Unitatis Redintegratio - V2 Decree on Ecumenism


Just read Unitatis Redintegratio, the Vatican II Decree on Ecumenism. Wow. Maybe it is just me, but that document was all over the place. To call it vague is an understatement. I would go as far as saying that it is a dangerous document when taken on its own, without the benefit of the lens of Sacred Tradition and the Magesterium of the Church through which to view it. Here are some particularly problematic passages::

“All in the Church must preserve unity in essentials. But let all, according to the gifts they have received enjoy a proper freedom, in their various forms of spiritual life and discipline, in their different liturgical rites, and even in their theological elaborations of revealed truth. In all things let charity prevail. If they are true to this course of action, they will be giving ever better expression to the authentic catholicity and apostolicity of the Church.”

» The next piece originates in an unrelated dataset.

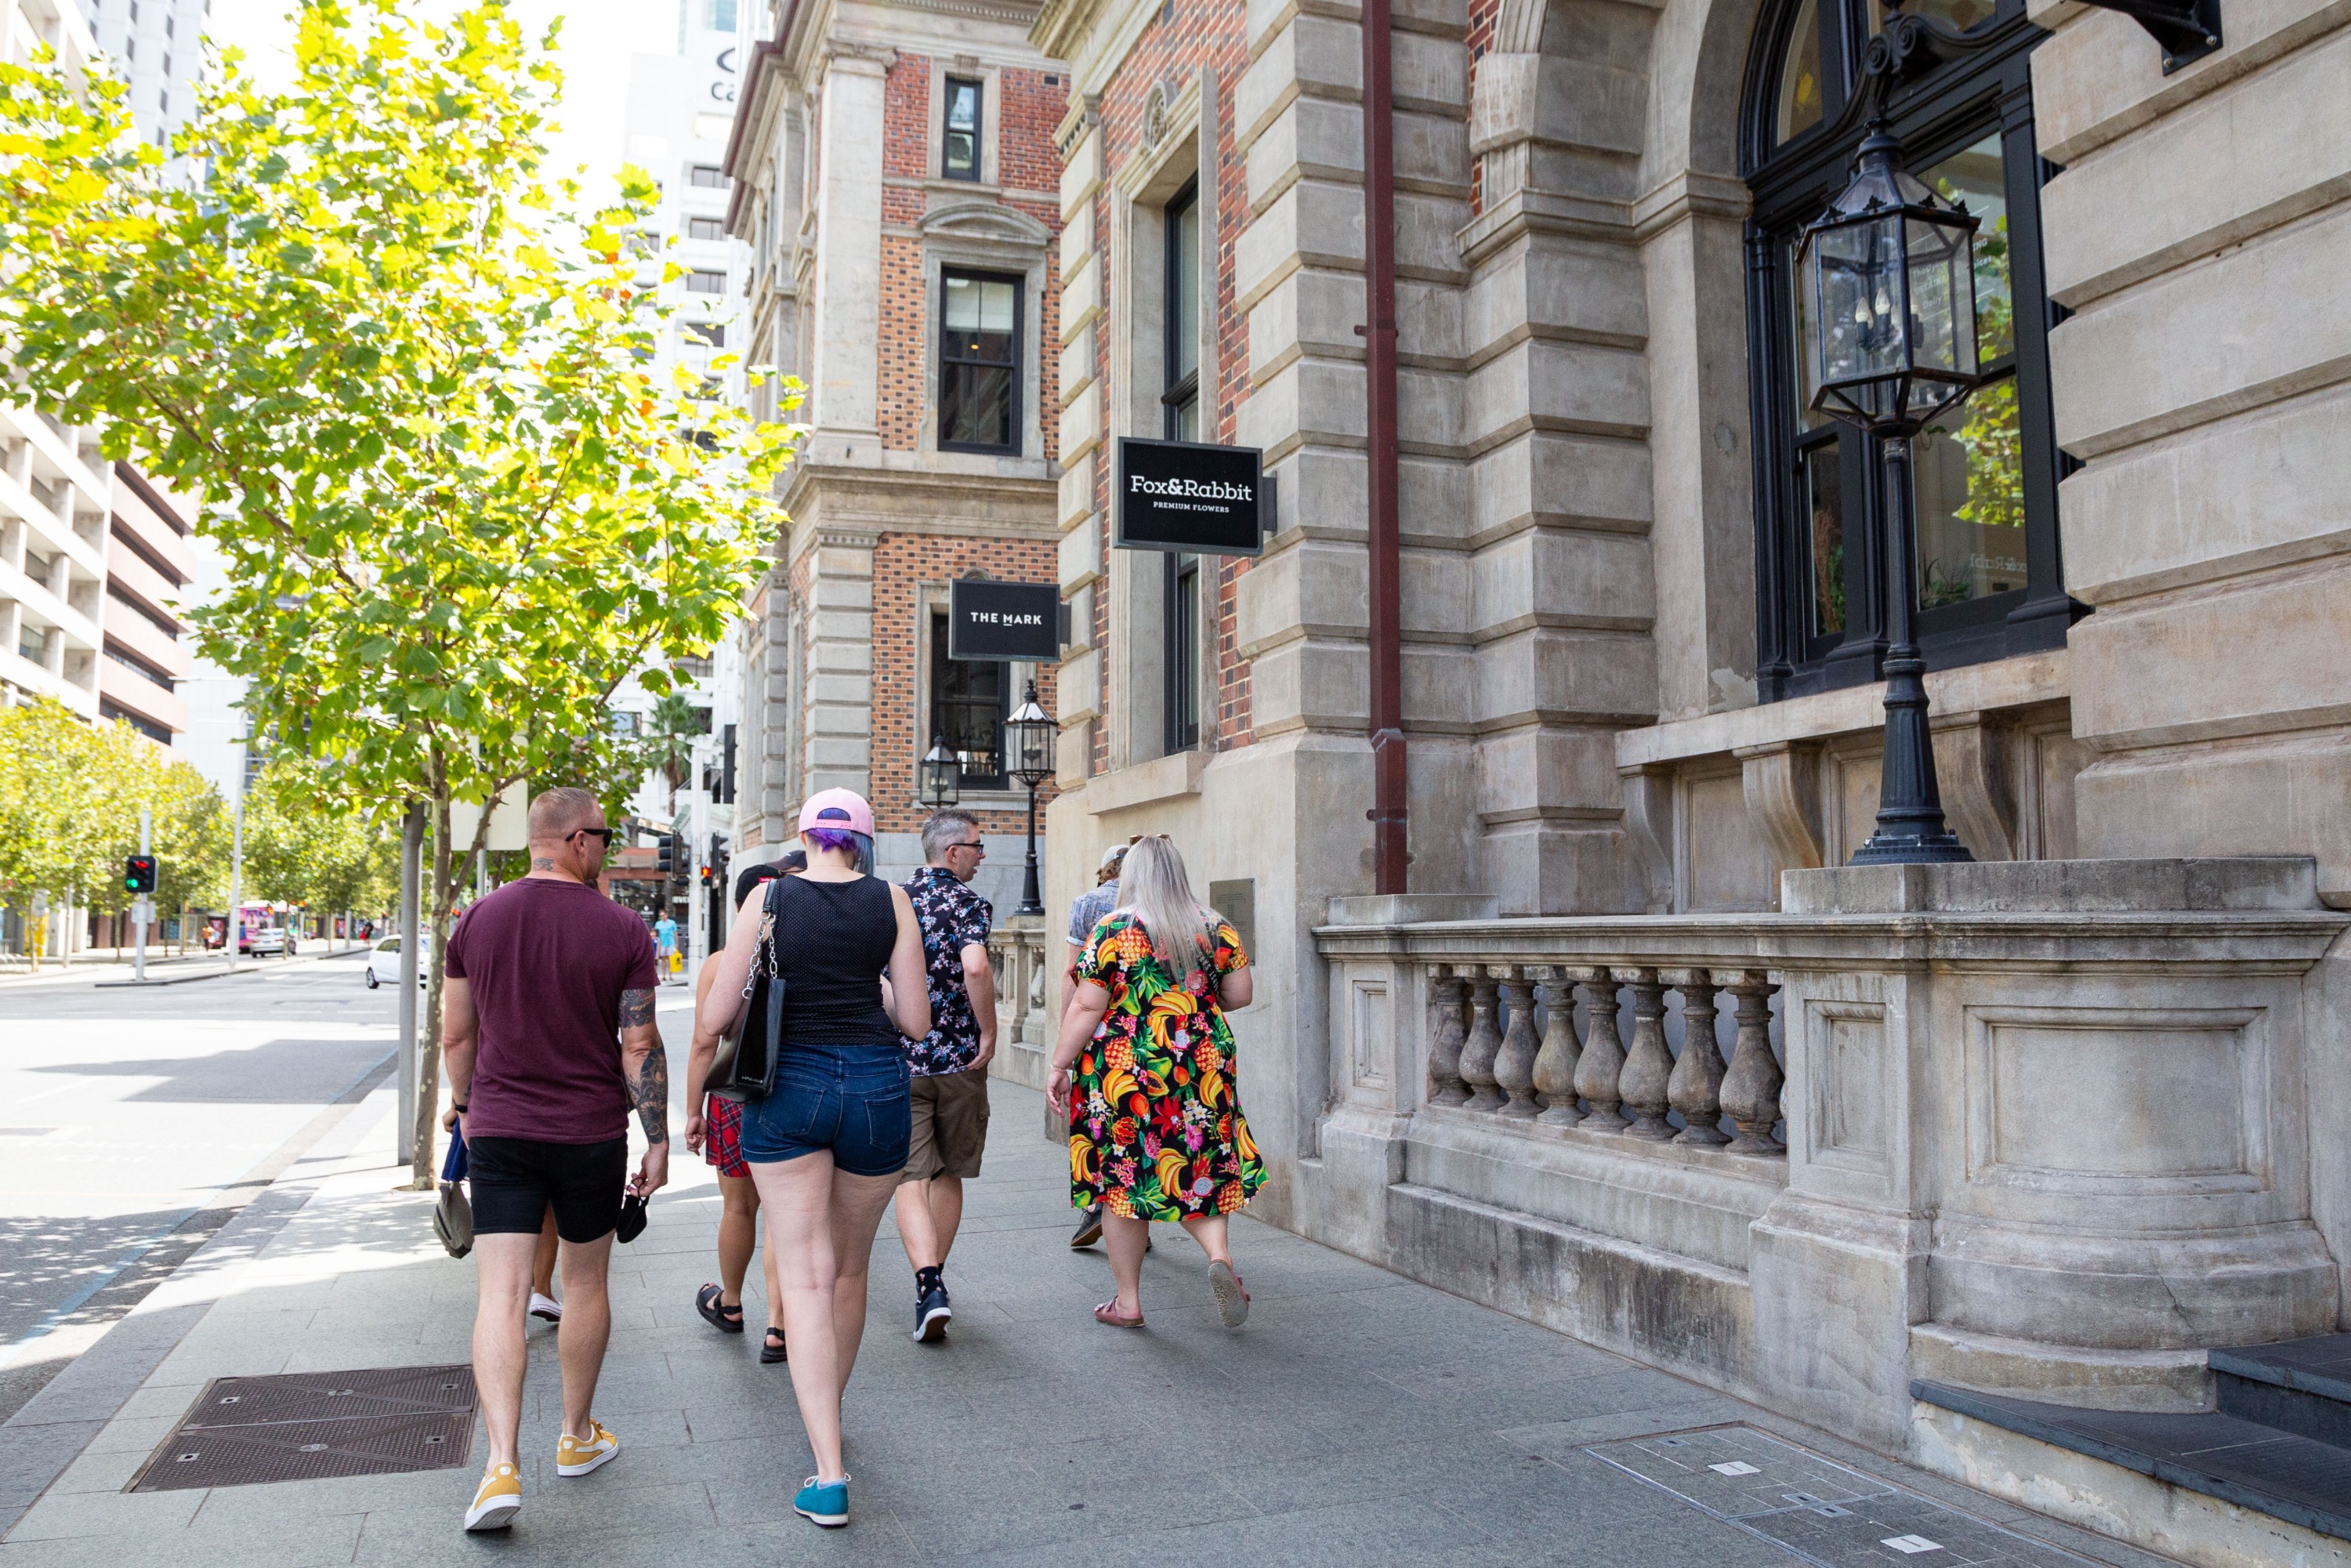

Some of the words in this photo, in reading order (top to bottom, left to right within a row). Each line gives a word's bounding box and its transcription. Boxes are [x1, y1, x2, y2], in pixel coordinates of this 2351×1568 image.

So, is this saying “Do not address heresy?” Would this have been the correct approach to the Arian heresy?

Here’s another::

“10. Sacred theology and other branches of knowledge, especially of an historical nature, must be taught with due regard for the ecumenical point of view, so that they may correspond more exactly with the facts.
It is most important that future shepherds and priests should have mastered a theology that has been carefully worked out in this way and not polemically, especially with regard to those aspects which concern the relations of separated brethren with the Catholic Church.”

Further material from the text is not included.